* [Exercise brief]: Where an image appears, leave it out; otherwise repeat the data exactly.

[Images for object localization]
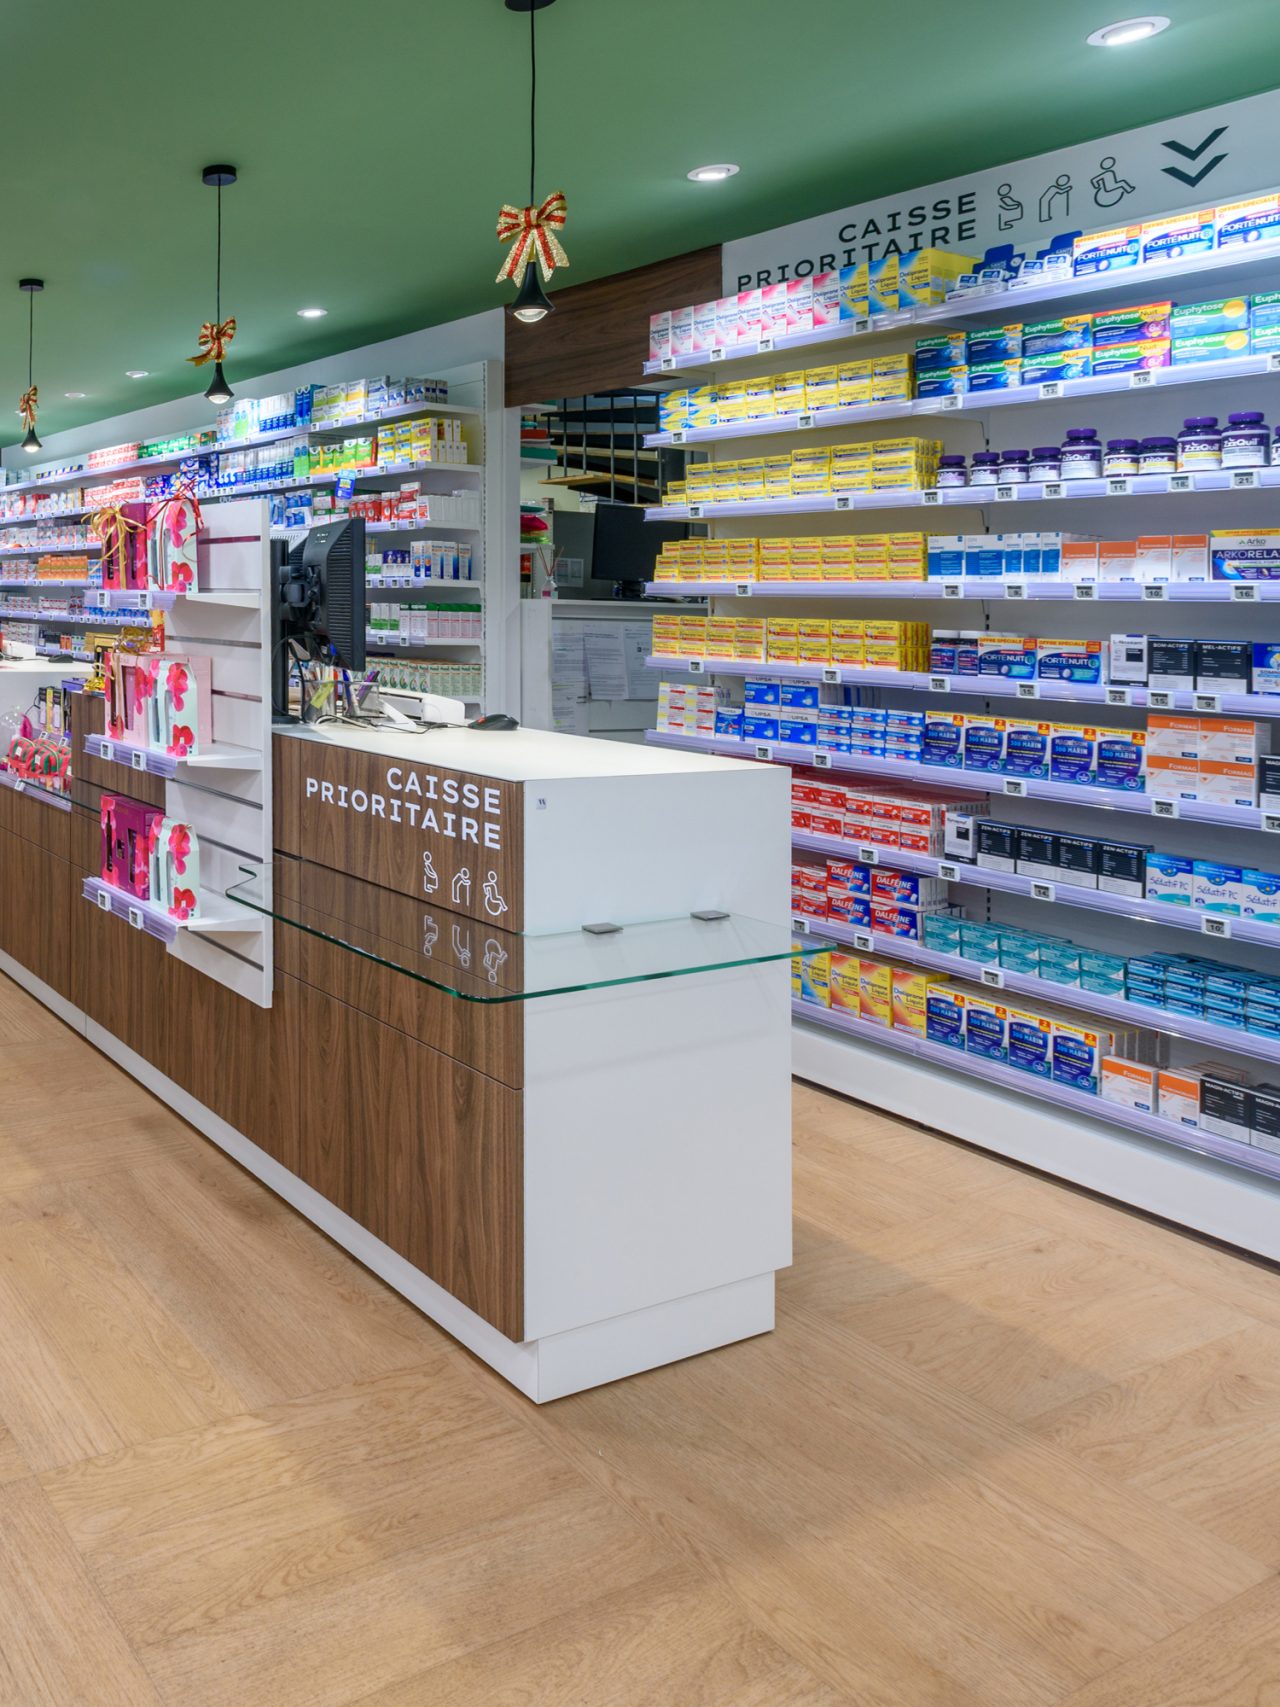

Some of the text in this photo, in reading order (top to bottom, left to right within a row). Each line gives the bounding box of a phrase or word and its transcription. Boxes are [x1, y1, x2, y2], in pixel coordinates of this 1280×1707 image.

[839, 192, 976, 243] CAISSE
[737, 219, 976, 292] PRIORITAIRE
[1173, 302, 1224, 317] Euphytose
[1095, 312, 1139, 325] Euphytose
[1025, 321, 1062, 333] Euphytose
[1175, 334, 1225, 347] Euphytose
[1184, 442, 1220, 452] ZzzQuil
[1223, 437, 1258, 448] ZzzQuil
[1247, 538, 1267, 546] Arko
[1216, 549, 1280, 559] ARKORELA
[387, 767, 501, 815] CAISSE
[306, 777, 501, 850] PRIORITAIRE
[831, 866, 865, 880] DALFÉINE
[877, 875, 912, 889] DALFÉINE
[831, 898, 865, 912] DALFÉINE
[875, 909, 911, 924] DALFÉINE

* [Solution to the exercise]:
Some of the text in this photo, in reading order (top to bottom, left to right within a row). Each line gives the bounding box of a phrase or word and its transcription. Boxes are [x1, y1, x2, y2], in pixel coordinates of this 1280×1707 image.

[839, 192, 976, 243] CAISSE
[737, 219, 976, 292] PRIORITAIRE
[1173, 302, 1224, 317] Euphytose
[1095, 312, 1139, 325] Euphytose
[1025, 321, 1062, 333] Euphytose
[1175, 334, 1225, 347] Euphytose
[1184, 442, 1220, 452] ZzzQuil
[1223, 437, 1258, 448] ZzzQuil
[1247, 538, 1267, 546] Arko
[1216, 549, 1280, 559] ARKORELA
[387, 767, 501, 815] CAISSE
[306, 777, 501, 850] PRIORITAIRE
[831, 866, 865, 880] DALFÉINE
[877, 875, 912, 889] DALFÉINE
[831, 898, 865, 912] DALFÉINE
[875, 909, 911, 924] DALFÉINE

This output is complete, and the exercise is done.